Pharmacokinetics of acebutolol enantiomers after intravenous administration of racemate in a rat model: A dosing range comparison

Acebutolol (AC) is a chiral P-adrenergic blocking drug, possessing intrinsic sympathomimetic activity (ISA), and is useful clinically as the racemate in treating hypertension. Utilizing a stereospecific high-performance liquid chromatographic (HPLC) assay, the enantiomeric disposition of AC and its major metabolite diacetolol (DC) are reported after intravenous administration of single 5, 15, 30, and 50 mg kg(-1) doses of racemate to male Sprague-Dawley rats. The mean area under the plasma concentration versus time curve (AUC) values display a linear relationship with respect to the administered dose. No statistical differences are observed in apparent volume of distribution (V-d), terminal elimination half-life (t(1/2)), total body clearance (CW, or renal clearance (Cl,) with respect to dose administered.

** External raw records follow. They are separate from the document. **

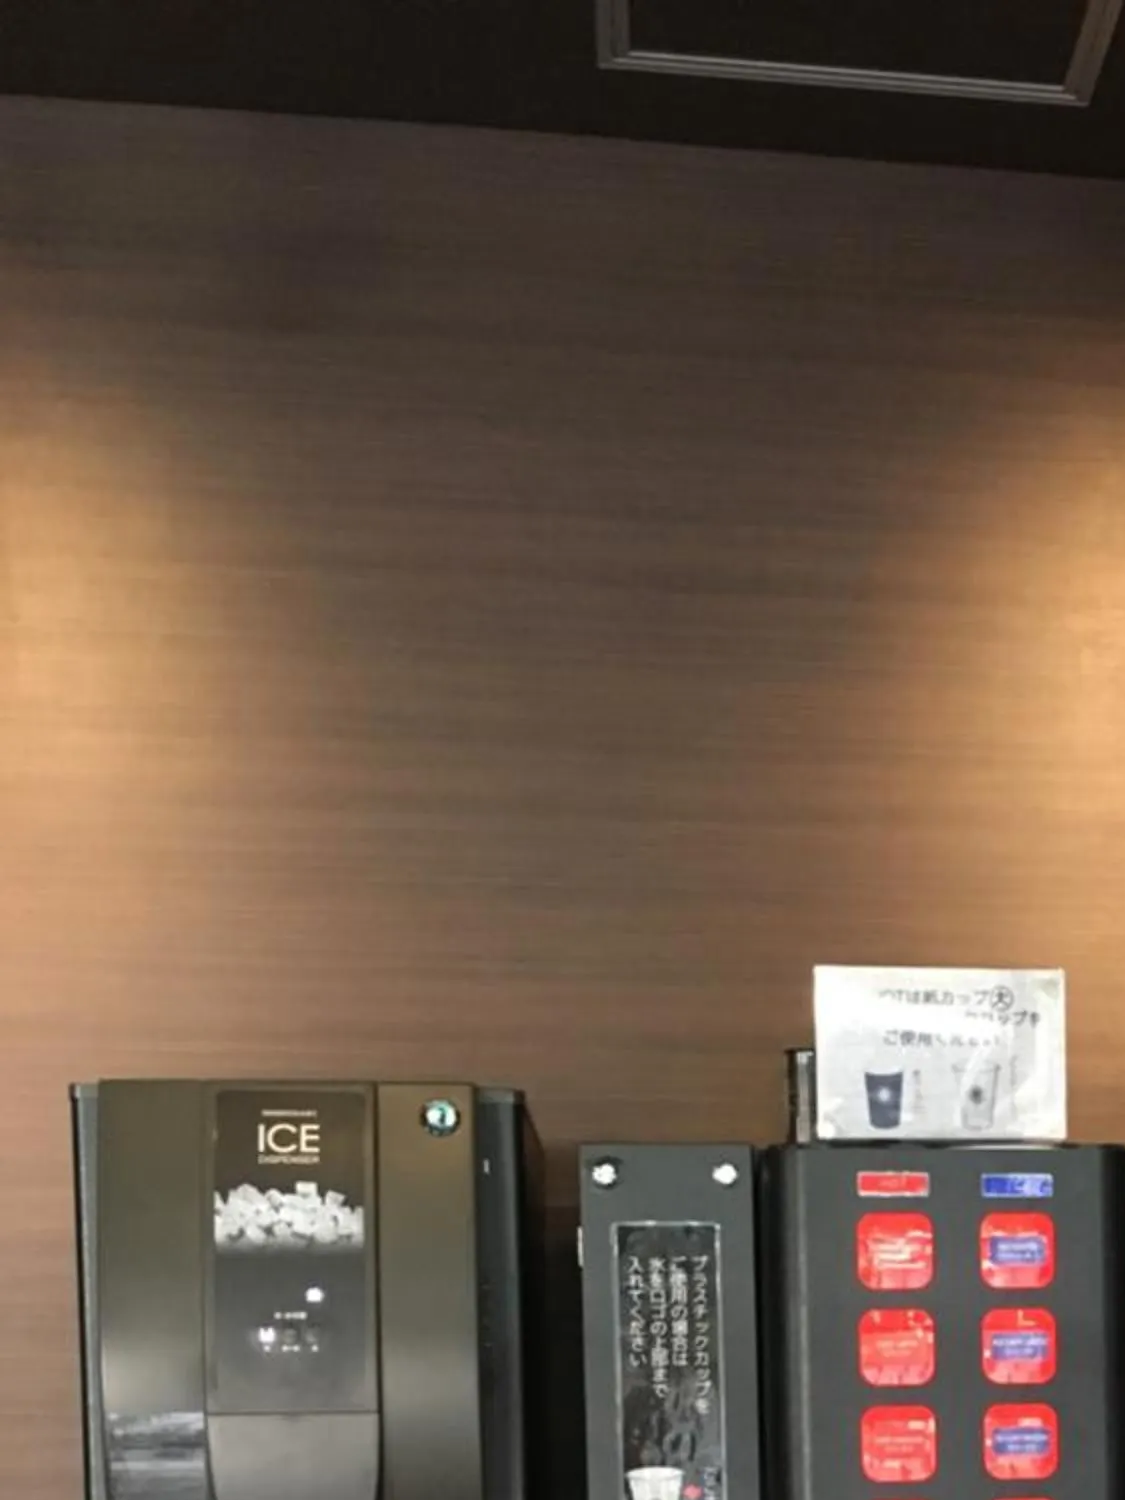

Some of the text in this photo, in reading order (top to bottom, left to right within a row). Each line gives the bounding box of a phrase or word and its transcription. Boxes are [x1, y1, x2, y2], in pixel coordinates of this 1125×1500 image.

[258, 1123, 320, 1153] ICE
[628, 1255, 648, 1368] 入れてください
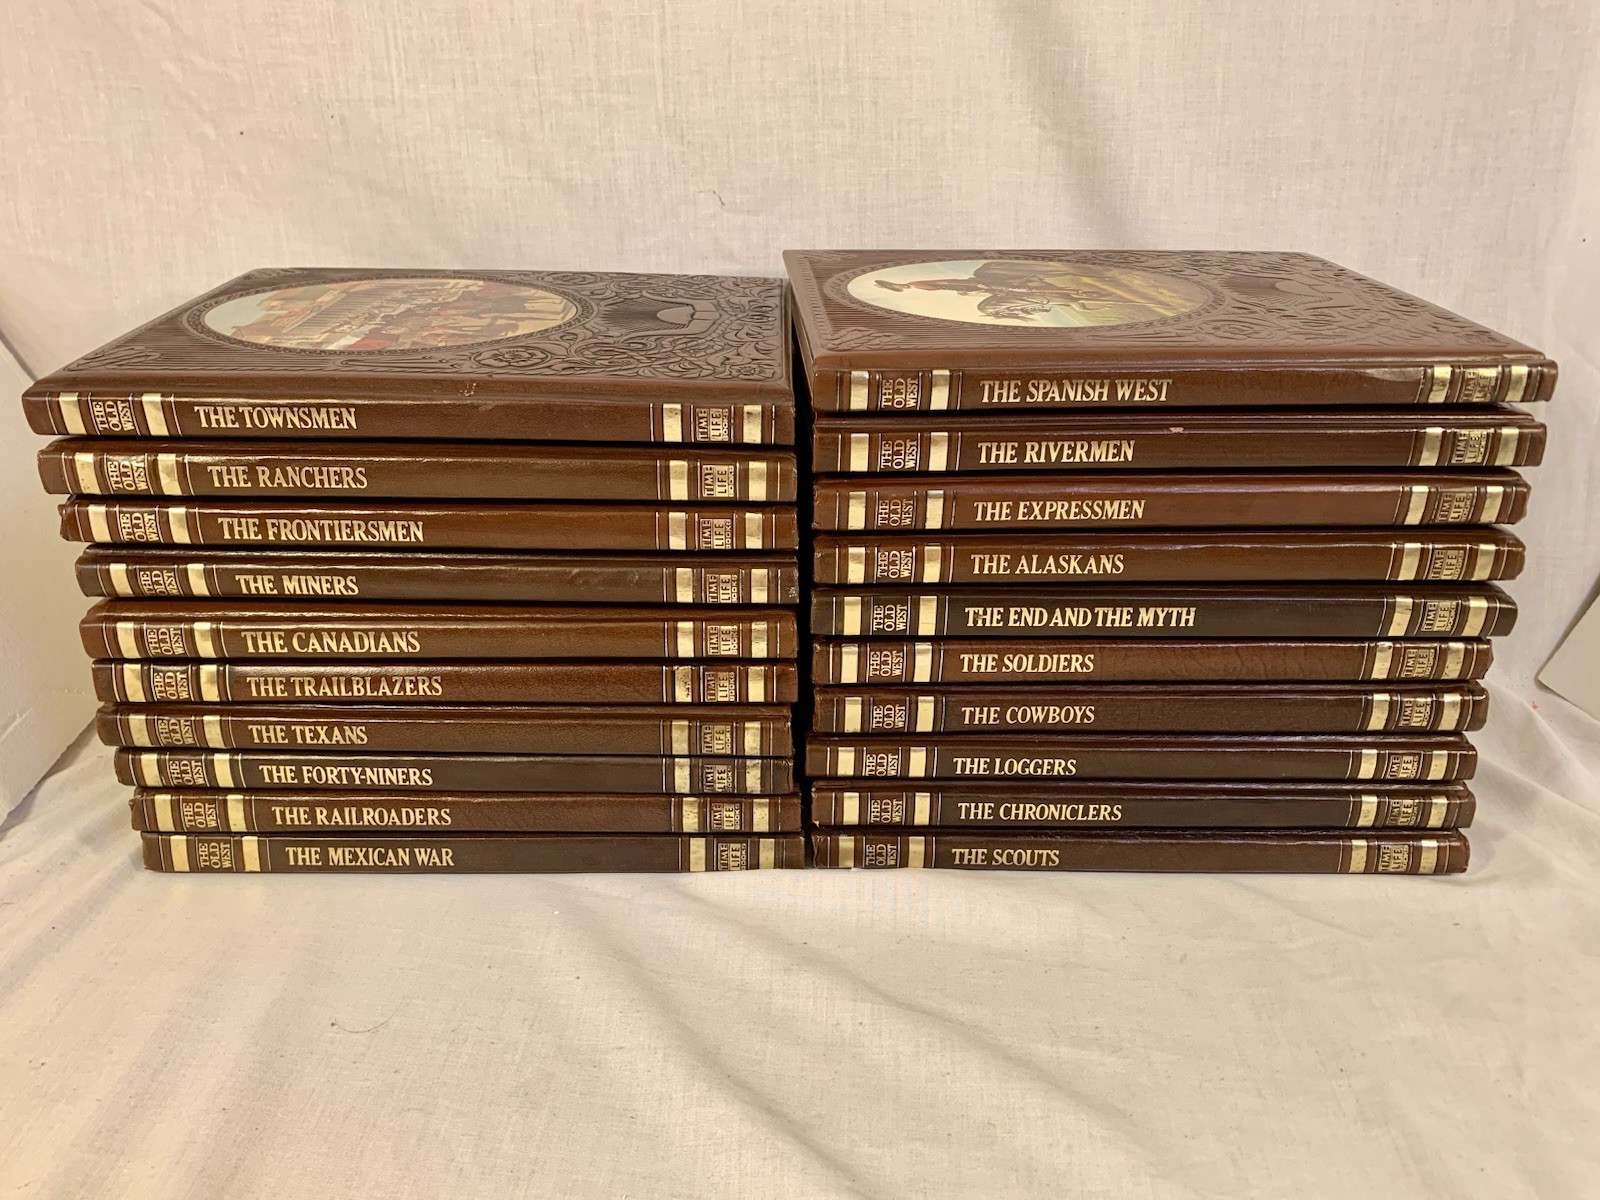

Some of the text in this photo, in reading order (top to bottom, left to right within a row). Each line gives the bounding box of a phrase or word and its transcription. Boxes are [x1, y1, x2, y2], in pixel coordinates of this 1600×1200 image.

[882, 379, 893, 408] THE
[893, 378, 906, 408] OLD
[906, 378, 919, 408] WEST
[979, 378, 1173, 404] THE SPANISH WEST
[93, 401, 107, 430] THE
[105, 401, 121, 431] OLD
[118, 401, 136, 431] WEST
[193, 406, 358, 430] THE TOWNSMEN
[711, 410, 721, 437] LIFE
[881, 441, 892, 468] THE
[892, 440, 905, 469] OLD
[905, 440, 918, 468] WEST
[977, 439, 1136, 464] THE RIVERMEN
[1467, 433, 1480, 462] LIFE
[108, 462, 124, 490] THE
[121, 460, 135, 491] OLD
[132, 459, 148, 491] WEST
[207, 465, 368, 489] THE RANCHERS
[717, 470, 727, 494] LIFE
[878, 500, 889, 526] THE
[889, 499, 902, 526] OLD
[901, 499, 914, 526] WEST
[973, 499, 1146, 522] THE EXPRESSMEN
[1450, 496, 1465, 521] LIFE
[120, 513, 134, 540] THE
[132, 513, 146, 542] OLD
[144, 513, 159, 541] WEST
[217, 516, 424, 543] THE FRONTIERSMEN
[715, 523, 724, 547] LIFE
[877, 552, 889, 577] THE
[888, 551, 900, 578] OLD
[900, 550, 913, 577] WEST
[970, 553, 1125, 575] THE ALASKANS
[1443, 554, 1457, 578] LIFE
[140, 571, 154, 595] THE
[152, 570, 167, 595] OLD
[163, 570, 178, 595] WEST
[235, 574, 360, 596] THE MINERS
[721, 578, 731, 601] LIFE
[873, 606, 884, 630] THE
[883, 604, 896, 631] OLD
[896, 605, 908, 631] WEST
[964, 606, 1197, 628] THE END AND THE MYTH
[1436, 606, 1449, 628] LIFE
[147, 629, 161, 653] THE
[158, 628, 172, 655] OLD
[170, 629, 184, 654] WEST
[241, 630, 421, 654] THE CANADIANS
[721, 629, 731, 652] LIFE
[870, 652, 880, 676] THE
[880, 650, 892, 676] OLD
[892, 651, 903, 676] WEST
[960, 653, 1095, 674] THE SOLDIERS
[1416, 652, 1427, 676] LIFE
[154, 673, 165, 699] THE
[164, 672, 176, 699] OLD
[176, 672, 189, 700] WEST
[247, 675, 443, 697] THE TRAILBLAZERS
[719, 675, 728, 698] LIFE
[873, 706, 883, 728] THE
[883, 705, 894, 729] OLD
[894, 705, 905, 728] WEST
[961, 705, 1096, 725] THE COWBOYS
[1413, 702, 1424, 726] LIFE
[158, 719, 171, 744] THE
[169, 719, 183, 745] OLD
[181, 720, 195, 744] WEST
[248, 724, 368, 745] THE TEXANS
[716, 729, 725, 751] LIFE
[169, 761, 182, 784] THE
[181, 760, 194, 785] OLD
[191, 761, 205, 785] WEST
[259, 764, 434, 787] THE FORTY-NINERS
[866, 754, 876, 776] THE
[876, 753, 887, 776] OLD
[887, 754, 899, 776] WEST
[952, 757, 1077, 776] THE LOGGERS
[183, 803, 195, 827] THE
[194, 802, 206, 828] OLD
[206, 803, 218, 828] WEST
[271, 806, 453, 827] THE RAILROADERS
[725, 807, 734, 828] LIFE
[871, 800, 881, 822] THE
[881, 800, 892, 823] OLD
[892, 800, 903, 823] WEST
[957, 802, 1123, 821] THE CHRONICLERS
[1400, 803, 1411, 824] LIFE
[198, 843, 210, 868] THE
[210, 842, 220, 868] OLD
[220, 843, 232, 868] WEST
[284, 846, 455, 867] THE MEXICAN WAR
[732, 846, 740, 868] LIFE
[865, 845, 876, 865] THE
[875, 844, 887, 866] OLD
[887, 844, 897, 865] WEST
[951, 848, 1060, 867] THE SCOUTS
[1392, 849, 1402, 870] LIFE

Generally, R-S ratios for AUC following AC administration are statistically different from unity (p < 0.05). However, for the 50 mg kg(-1) doses the R-S ratio for AUC is not statistically different from one. For DC, the plasma disposition is nonstereoselective in plasma. The amount of R-DC recovered in urine, however, was greater than that of the antipode (R:S = 1.92 +/- 0.29). This study suggests that the enantiomeric disposition of intravenous AC is linear within the investigated range of 5-50 mg kg(-1) racemate in rats. (C) 1997 by John Wiley & Sons, Ltd.